В данном ему насмешливом прозвище "король хлопов" видна была нелюбовь рыцарства к нему, несмотря на то, что король не урезал ни их свободы, ни их привилегии; на него были обижены за то, что он заботился о них наравне с мещанином, крестьянином, даже с евреем и не был рыцарем, а тщательно занимался администрацией. Подобно Неорже, не простившему ему изгнание лошадей из Велички, другие не прощали ему то, что он вступался за обиду мужика, требовал одинаковой справедливости для всех и радовался обогащению мещан.
Это возвышавшееся среднее сословие, рост которого вскоре должен был быть приостановлен, казалось грозным для рыцарства. Со временем король мог опереться на него и воспользоваться им в борьбе с рыцарями и дворянами. Казимир знал, как о нем судили, но он относился к людскому мнению так же хладнокровно, как отец его к встрече с неприятелем.
Он не интересовался злыми языками; не боясь ничьей мести, он никогда не изменял своего решения, встречая сопротивление и ропот толпы. Жаловались на вислицкие законы, но король их провел, настояв на своем. О своих делах он не любил говорить и иногда только что-нибудь рассказывал избранным. Если у него являлась какая-нибудь идея, он не задумывался о том, как ее примут, а исполнял то, что задумал.
Вследствие его упорного молчания, часто окружающие не могли догадаться о его решениях и о его намерениях… И опасались его.
После перенесенных бедствий от чумы, принятой и объявленной большей частью духовенства как наказание за грехи короля, после покровительства, оказанного преследуемым евреям, по получении прозвища "короля хлопов" Казимир, зная, как много у него недоброжелателей, вовсе не старался примирить их с собою. Когда Кохан высчитывал ему всех его врагов, он, покачивая головой, улыбался.
– За слова я мстить не буду, – говорил он, – если кто-нибудь совершит проступок, я не прощу и примера ради накажу… Слово – это ветер; обыкновенно те, которые много говорят, мало делают.
Поэтому он не преследовал ни Неоржу, не допуская его к себе, ни других, а ограничивался тем, что относился к ним с презрением.
На следующий день после того, как нерасположенные к королю землевладельцы, собравшись у Неоржи и откровенно высказавшись о том, что у них было на душе, по неосторожности своей были подслушаны Пжедбором, донесшим о них Кохану, последний направился в спальню короля, чтобы ему заблаговременно сообщить о вчерашнем собрании.
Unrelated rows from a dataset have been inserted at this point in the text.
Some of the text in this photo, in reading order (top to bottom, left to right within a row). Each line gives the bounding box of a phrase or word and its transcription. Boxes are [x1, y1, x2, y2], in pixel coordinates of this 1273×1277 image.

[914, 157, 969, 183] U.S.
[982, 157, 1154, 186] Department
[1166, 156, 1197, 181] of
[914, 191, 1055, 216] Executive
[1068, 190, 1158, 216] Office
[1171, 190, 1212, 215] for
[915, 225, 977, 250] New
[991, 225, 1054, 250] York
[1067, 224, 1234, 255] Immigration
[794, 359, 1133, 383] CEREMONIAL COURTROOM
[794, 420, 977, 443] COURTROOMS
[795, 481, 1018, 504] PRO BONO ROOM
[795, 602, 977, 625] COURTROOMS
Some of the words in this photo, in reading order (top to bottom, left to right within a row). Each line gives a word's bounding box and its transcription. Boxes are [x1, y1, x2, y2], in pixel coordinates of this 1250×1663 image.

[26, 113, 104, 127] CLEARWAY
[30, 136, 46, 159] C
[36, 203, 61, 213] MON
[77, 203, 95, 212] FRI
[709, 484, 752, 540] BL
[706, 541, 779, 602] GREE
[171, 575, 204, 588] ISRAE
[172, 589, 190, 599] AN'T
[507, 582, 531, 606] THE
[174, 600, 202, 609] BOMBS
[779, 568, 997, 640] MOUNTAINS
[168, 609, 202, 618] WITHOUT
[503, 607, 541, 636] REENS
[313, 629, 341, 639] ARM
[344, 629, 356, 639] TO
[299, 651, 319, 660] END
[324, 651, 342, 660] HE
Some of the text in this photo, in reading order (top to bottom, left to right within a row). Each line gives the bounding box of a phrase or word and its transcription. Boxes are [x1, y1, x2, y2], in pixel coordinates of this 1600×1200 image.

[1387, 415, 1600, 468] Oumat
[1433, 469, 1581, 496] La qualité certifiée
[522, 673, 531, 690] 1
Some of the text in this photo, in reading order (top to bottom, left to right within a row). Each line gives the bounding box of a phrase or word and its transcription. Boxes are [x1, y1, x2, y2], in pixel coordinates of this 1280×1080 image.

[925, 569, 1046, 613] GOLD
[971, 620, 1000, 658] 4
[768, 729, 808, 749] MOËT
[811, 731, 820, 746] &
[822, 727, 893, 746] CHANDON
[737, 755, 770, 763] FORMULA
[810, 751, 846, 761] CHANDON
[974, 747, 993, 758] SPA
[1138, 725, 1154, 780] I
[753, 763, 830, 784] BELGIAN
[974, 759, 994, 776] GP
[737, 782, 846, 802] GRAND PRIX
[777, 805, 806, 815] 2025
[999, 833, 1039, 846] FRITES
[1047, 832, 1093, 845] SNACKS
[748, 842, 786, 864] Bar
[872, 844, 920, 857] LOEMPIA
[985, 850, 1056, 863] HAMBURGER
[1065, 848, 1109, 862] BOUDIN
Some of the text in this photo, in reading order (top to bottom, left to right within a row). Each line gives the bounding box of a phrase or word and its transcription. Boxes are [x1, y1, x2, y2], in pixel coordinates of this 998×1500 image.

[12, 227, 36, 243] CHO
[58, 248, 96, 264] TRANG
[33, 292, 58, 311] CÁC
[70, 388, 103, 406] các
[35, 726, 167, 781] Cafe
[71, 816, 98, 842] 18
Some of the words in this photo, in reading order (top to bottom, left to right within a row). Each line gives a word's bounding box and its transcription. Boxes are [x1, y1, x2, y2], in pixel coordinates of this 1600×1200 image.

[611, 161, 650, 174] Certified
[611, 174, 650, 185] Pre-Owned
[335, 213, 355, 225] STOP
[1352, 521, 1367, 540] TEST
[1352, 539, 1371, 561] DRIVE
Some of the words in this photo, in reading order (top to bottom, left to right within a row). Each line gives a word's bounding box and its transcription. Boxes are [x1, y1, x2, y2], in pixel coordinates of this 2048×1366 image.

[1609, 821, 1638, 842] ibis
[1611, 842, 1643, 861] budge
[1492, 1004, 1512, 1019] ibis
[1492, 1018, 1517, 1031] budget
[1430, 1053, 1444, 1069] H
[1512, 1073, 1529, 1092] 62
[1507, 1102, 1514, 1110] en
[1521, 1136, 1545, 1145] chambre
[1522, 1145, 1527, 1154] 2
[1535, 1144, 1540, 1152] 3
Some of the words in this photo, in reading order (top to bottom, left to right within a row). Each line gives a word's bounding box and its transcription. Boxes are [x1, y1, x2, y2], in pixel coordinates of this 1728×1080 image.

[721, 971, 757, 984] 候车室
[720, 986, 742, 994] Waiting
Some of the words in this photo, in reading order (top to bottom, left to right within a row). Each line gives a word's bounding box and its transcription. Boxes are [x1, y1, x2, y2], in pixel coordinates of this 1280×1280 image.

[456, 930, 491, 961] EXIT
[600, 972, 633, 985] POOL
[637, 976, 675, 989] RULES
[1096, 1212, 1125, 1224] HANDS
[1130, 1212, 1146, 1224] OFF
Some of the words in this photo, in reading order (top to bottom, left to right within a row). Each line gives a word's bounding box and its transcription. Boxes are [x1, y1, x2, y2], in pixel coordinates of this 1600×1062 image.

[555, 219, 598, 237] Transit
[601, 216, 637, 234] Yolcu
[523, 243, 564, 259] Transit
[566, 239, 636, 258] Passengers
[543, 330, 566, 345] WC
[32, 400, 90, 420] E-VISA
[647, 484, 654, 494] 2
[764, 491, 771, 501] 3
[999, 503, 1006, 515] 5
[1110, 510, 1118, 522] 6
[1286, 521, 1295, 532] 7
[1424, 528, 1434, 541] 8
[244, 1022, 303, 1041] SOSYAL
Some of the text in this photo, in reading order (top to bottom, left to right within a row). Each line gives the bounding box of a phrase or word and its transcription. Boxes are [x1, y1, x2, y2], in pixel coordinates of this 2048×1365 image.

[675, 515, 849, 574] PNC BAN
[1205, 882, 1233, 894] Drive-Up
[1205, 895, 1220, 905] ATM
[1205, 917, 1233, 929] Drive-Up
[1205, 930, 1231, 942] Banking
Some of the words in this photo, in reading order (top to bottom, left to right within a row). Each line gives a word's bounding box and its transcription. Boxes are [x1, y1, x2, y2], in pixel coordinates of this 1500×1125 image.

Король в это утро поднялся с постели измученный и, как у него часто случалось, изнемогающий под бременем жизни. После трагедии в Венгрии, расстроившейся свадьбы в Праге, после женитьбы на Аделаиде на него часто нападали моменты усталости и неудовлетворенности, когда ему все было не мило, и из такого состояния даже Кохан, знавший его ближе всех, с трудом выводил его.
В такие моменты Казимир хранил глубокое молчание, равнодушный и глухой ко всему, он тогда ничего не желал и ничем не интересовался.
Когда Казимир находился в таком удрученном состоянии, Кохан, стараясь его развлечь, отыскивал женщин, которые могли бы отвлечь Казимира от его тяжелых мыслей, приглашал к столу веселых собеседников, а когда все это не помогало, он обращался к ксендзу Сухвильку, который вселял королю какую-нибудь идею и выводил его из этого полумертвого состояния.
Так, после расстроившейся свадьбы в Праге Сухвильк вылечил короля от грусти, наведя его на мысль о вислицких законах; затем он строил замки, улучшал благосостояние городов, заботился об устройстве дорог и этим жил. Но каждый раз после того как идея превращалась в действительность, доставив ему кратковременное радостное удовлетворение, приходилось прибегать к новым средствам.
Сердце Казимира обливалось кровью при мысли о том, что после него не останется мужского потомка, и корона перейдет в чужие руки, потому что он последний в роде.
Надежды, возлагавшиеся на брак с Аделаидой, не исполнились. Королева, сосланная в Жарновец, жила там в одиночестве, а Казимир чувствовал к ней непреодолимое отвращение и видел в ней препятствие, отнимающее у него всякую надежду на лучшую будущность.
Много причин способствовало столь скорой разлуке между супругами. Некрасивая и неумная Аделаида, довольствуясь тем, что стала королевой, переносила свое изгнание равнодушно. Она была немкой, которой казалось, что она своей особой оказала большую честь польскому королю и осчастливила его. Она была уверена в его любви и при своей отталкивающей наружности грубо кокетничала с ним.
И теперь, после долгой разлуки с мужем, она все еще надеялась и даже была уверена, что он к ней возвратится. В надежде, что Казимир неожиданно нагрянет, она завивала свои рыжие волосы и красила увядшее, покрытое веснушками лицо. В ожидании она проводила месяц за месяцем, год за годом, а придворные своими ложными рассказами поддерживали ее в ее заблуждении. Возможно, что Казимир превозмог бы свое отвращение к Аделаиде из-за желания продолжить свой род, но этому мешала Елизавета, боявшаяся, что сын ее лишится обещанной ему короны. Она и друзья ее, в числе которых находились известные сановники, окружавшие короля, рассказывали ему разные небылицы про Аделаиду, старались увеличить его отвращение к ней. Королева Елизавета, надеявшаяся на то, что корона достанется ее сыну, дрожала при одной мысли о возможности потери ее. Рыцарям обещана была свобода, духовенству – милости в случае, если Людовик получит королевский титул. А потому в интересах ее сына необходимо было, чтобы король жил не со своей законной женой, а с любовницами, и не имел законного наследника престола. Слухи были о том, что из Венгрии посылали деньги в Польшу, чтобы с помощью денег достичь этой цели.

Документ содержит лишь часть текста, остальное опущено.